Swancutt also finds what we might call Buryat witchcraft, although she notes strongly that the Buryat
themselves have no such unified concept. Instead, they have various kinds of “bad speech” which can be
practiced by anyone, intentionally or unintentionally. Intentional harmful speech is most associated with
cursing, and the Buryat seem to live (or seem to think that they live) in a world of swirling curses. Words
can hurt, and they believe that curses
acquire their potency from the bad intentions of the curse caster, who sends the curse directly
to his or her target, thereby making the curse traceable and returnable. Any Buryat who casts a
curse always intends to harm another person, so that the intention to cause harm is what gives
curses…their potency. To counteract a curse, shamans or lamas can trace the direct path of the
curse and return it to the curse caster, with the help of shamanic spirits or Buddhist gods (128).
Interestingly, there are no standard or formulaic words for a Buryat curse; indeed, “they do not need to
be spoken aloud to take effect” (130). Instead, mere malevolent thoughts can cause harm. More often,
though, “Buryats cast curses by muttering words that wish their rivals ill, while spitting off to one side”
(130). And curiously, the most likely perpetrator and victim of cursing is a shaman, who typically aims
the words at a rival shaman, thus initiating curse-wars.
As for how curses work, Swancutt reports that the Buryat imagine the words “like projectiles hitting a
target—they immediately strike their victims (kharaal khünd shuud taarana) and are thrown, flung, or
hurled down (khayana) upon people. Because curses are designed to strike with the most heavy (khünd)

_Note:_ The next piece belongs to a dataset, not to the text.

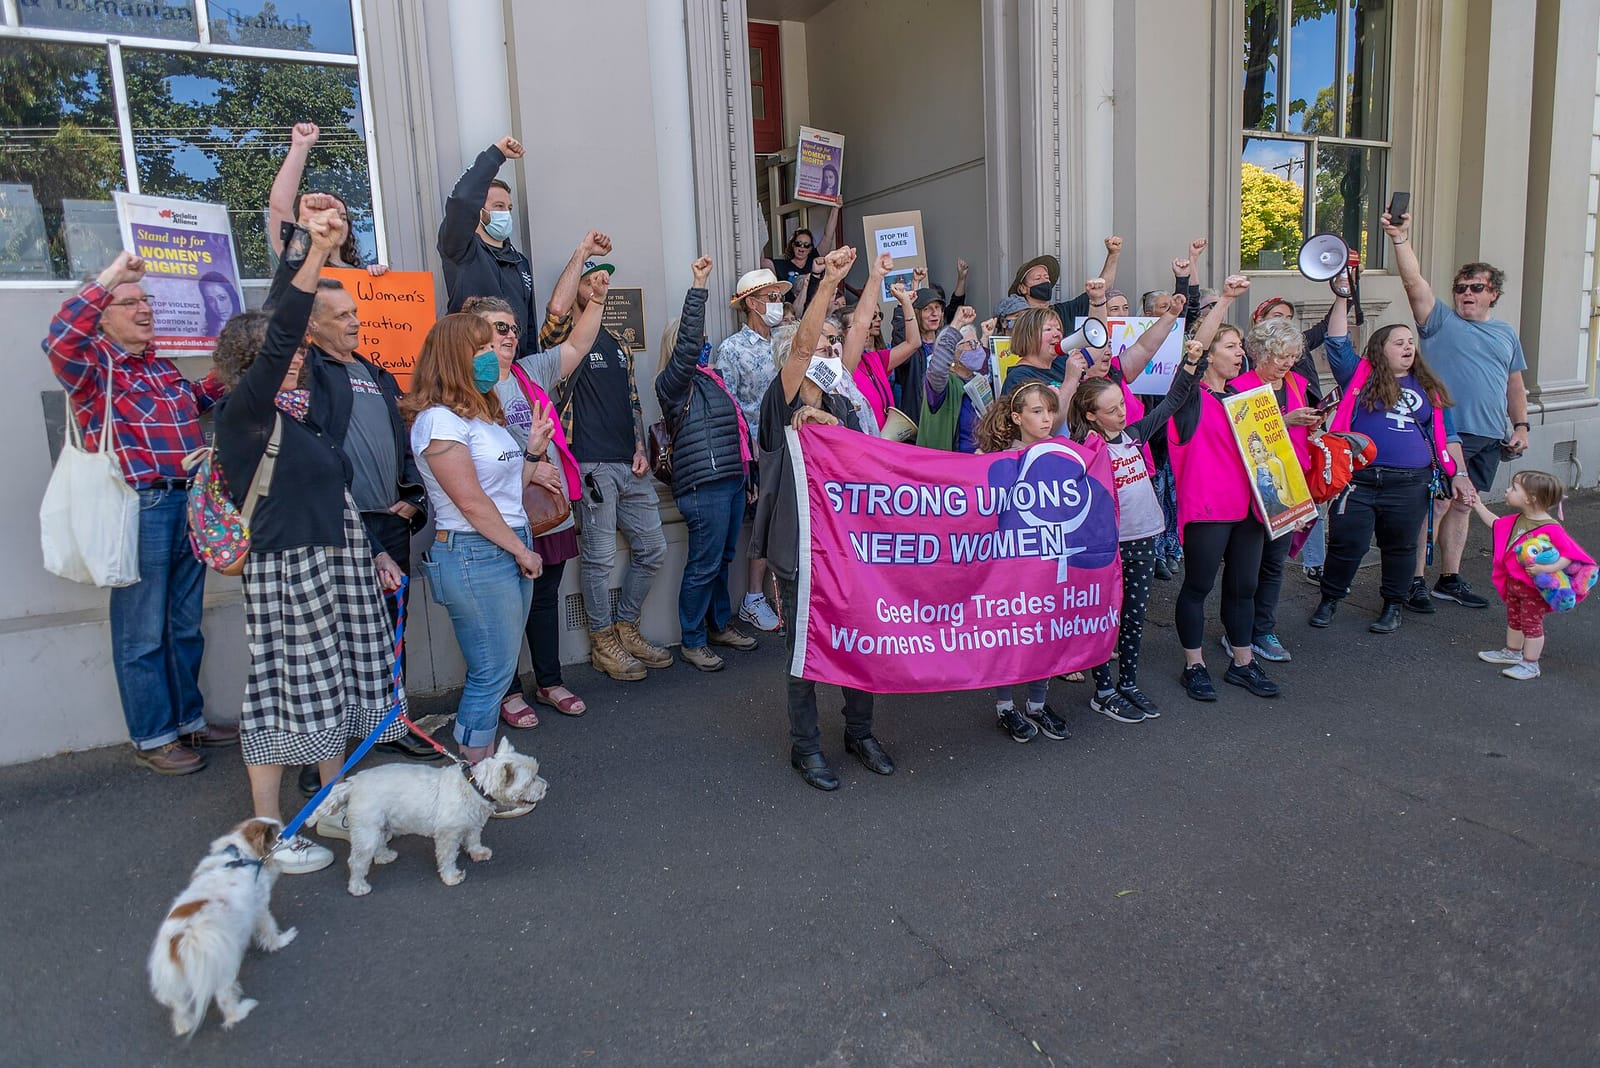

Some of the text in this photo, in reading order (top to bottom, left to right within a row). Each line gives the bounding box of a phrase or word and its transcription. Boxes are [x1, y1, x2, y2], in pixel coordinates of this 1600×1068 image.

ramifications, they are the most secretive (nuutstai) type of speech or thought” (130). Like any missile,
curse words can also be deflected (which is one reason why shamans wear mirrors) and reversed, sent
hurtling back at their source.
However, not all hurtful words are actual curses or even shamanic in origin. More interesting, and more
subtle, is khel am (based on the Mongolian words khel for tongue and am for mouth) or “gossip.” Khel
am is not necessarily intended to do harm at all; in fact, gossip can be positive (or “white”) but no less
dangerous thereby. Khel am, she explains, “gains the full force of its potency through its increasing
omnipresence” (129) rather than its intent. Accordingly, cursing is a comparatively immediate-result
form of malice; like a rocket, curse words go straight to their target. Gossip, on the other hand, is a
delayed-effect threat, because it only builds strength over time as it circulates more and more widely by
word of mouth.
Whether khel am is black or white—malicious or innocent or even positive—it grows “from ordinary
gossip” (132):
White khel am arises when many people use words of praise (magtaal) to speak about a specific
person. Although the praise may be accurate, it has a negative effect on the person who is then
made into the topic of conversation when the praise is circulated widely. By contrast, black khel
am always is preceded by an argument (margaan) or some act in which one person genuinely
offends another. The offended party then speaks poorly about the person who angered him or
her. In circulating his or her story to others, the offended party produces what some people call
slander (muulasan üg) but which others call defamation (gutaasan khel), because its basis is
held to be true. As with white khel am, the circulation of black khel am harms the person who is
made into the topic of conversation. White and black khel am always cause fallen fortune and
general unhappiness, but they only trigger soul loss some of the time (132).
Finally, because khel am does not have immediate effects but depends on the gradual swelling of
gossipy talk, it is more difficult than cursing to counteract and to attribute to any individual culprit.
It may be a proverb in English that words cannot hurt you, but for the Buryat words are very powerful
weapons that can be wielded intentionally and unintentionally.
Reference
Swancutt, Katherine. 2012. Fortune and the Cursed: The Sliding Scale of Time in Mongolian Divination.
New York and Oxford: Berghahn Books.